Following her relationship with Wiz, she dated AE, who is currently dating Cher. The two had a son before she revealed that he had cheated on her with as many as 12 women, something he admitted on an Instagram live. She posted an Instagram story calling him and the women he cheated on her with out, saying they knew he was in a relationship with her. In another post, she also called out her “raging narcissistic mom”, a relationship she spoke about during her podcast appearance.
“I watched my mother be heartbroken by a man and never recover. So I forced myself to date people while I was not recovered. I look back and I shouldn’t have. I shouldn’t have dated anyone,” saying she should’ve taken time to heal instead.

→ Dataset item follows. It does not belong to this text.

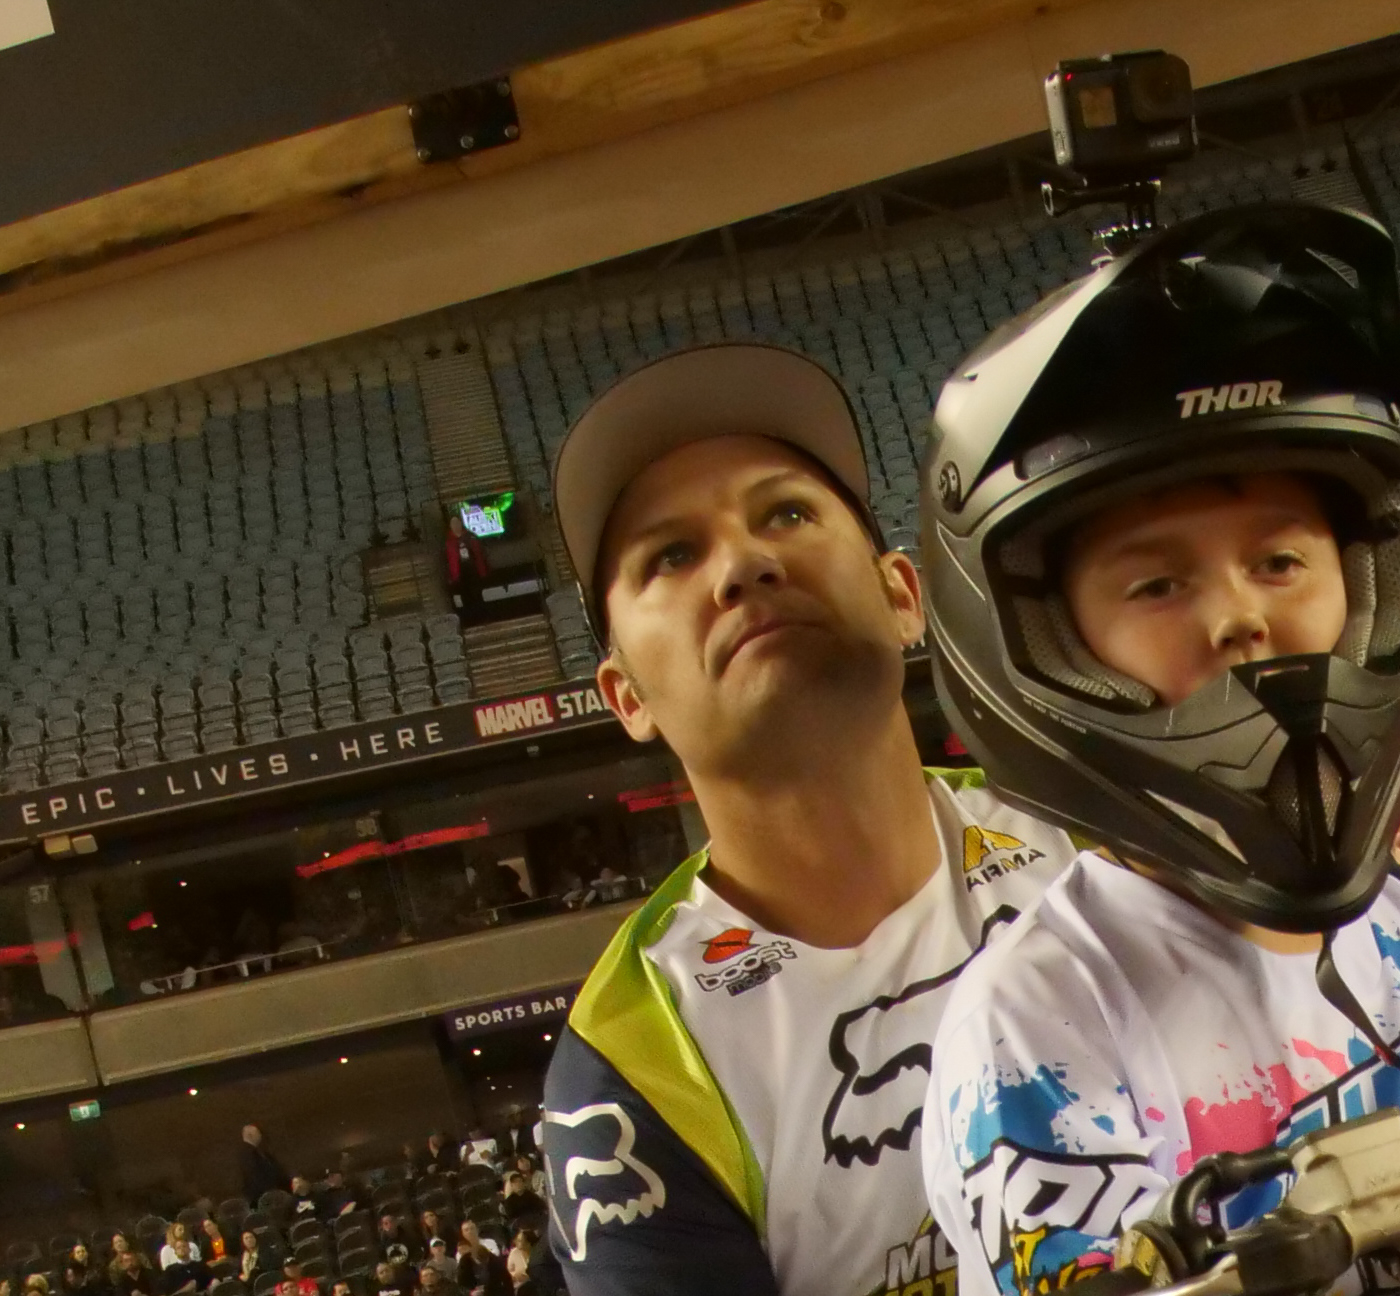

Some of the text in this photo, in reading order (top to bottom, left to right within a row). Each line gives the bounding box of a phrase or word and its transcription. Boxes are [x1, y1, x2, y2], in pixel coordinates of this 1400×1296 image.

It sounds like that’s the root of what Amber is saying here - she’s taking time out to heal. Do I think she’s completely turned off of the idea of sex and partners right now? Absolutely. But do I think that the root cause of that is asexuality? No.
I think like so many women, she’s experienced a lot of pain, a lot of heartache and more than her fair share of infidelity. And when you lay everything out on the table, it’s clear why both women have taken a step back from sex. But for Amber in particular, this is more about needing time away from a world she’s been so closely tied to, since the age of 15, in order to heal.
Being exposed to sex and the world around it at such a young age can complicate your relationship with sex. I know this because I lost my virginity at a young age, and though it was entirely consensual, I wandered through my teenage years attaching my value to my desirability. When you fit into society’s beauty standards, desirability is not hard to come by and can therefore inflate your ego, while deflating your sense of self. It took years and years of unlearning, and I only stumbled upon a true sense of healing when I stepped away from men and stepped toward myself.
That’s why I think it’s great that both Amber and Julia are expressing a desire to just take a step back. In Amber’s case, I can only imagine the difficulty and nuances that come with trying to advocate for more equality in the landscape of sex and sex work when it’s inherently male-oriented. It’s exhausting work to do, especially when you’re not seeing the progress in society that you’d like to.
Whether it’s temporary or permanent, stepping away from anything we’ve been tied to for most of our lives is a great way to let the dust settle and decide how we really feel, what we really want and what we really need. And more often than not, it’s healing.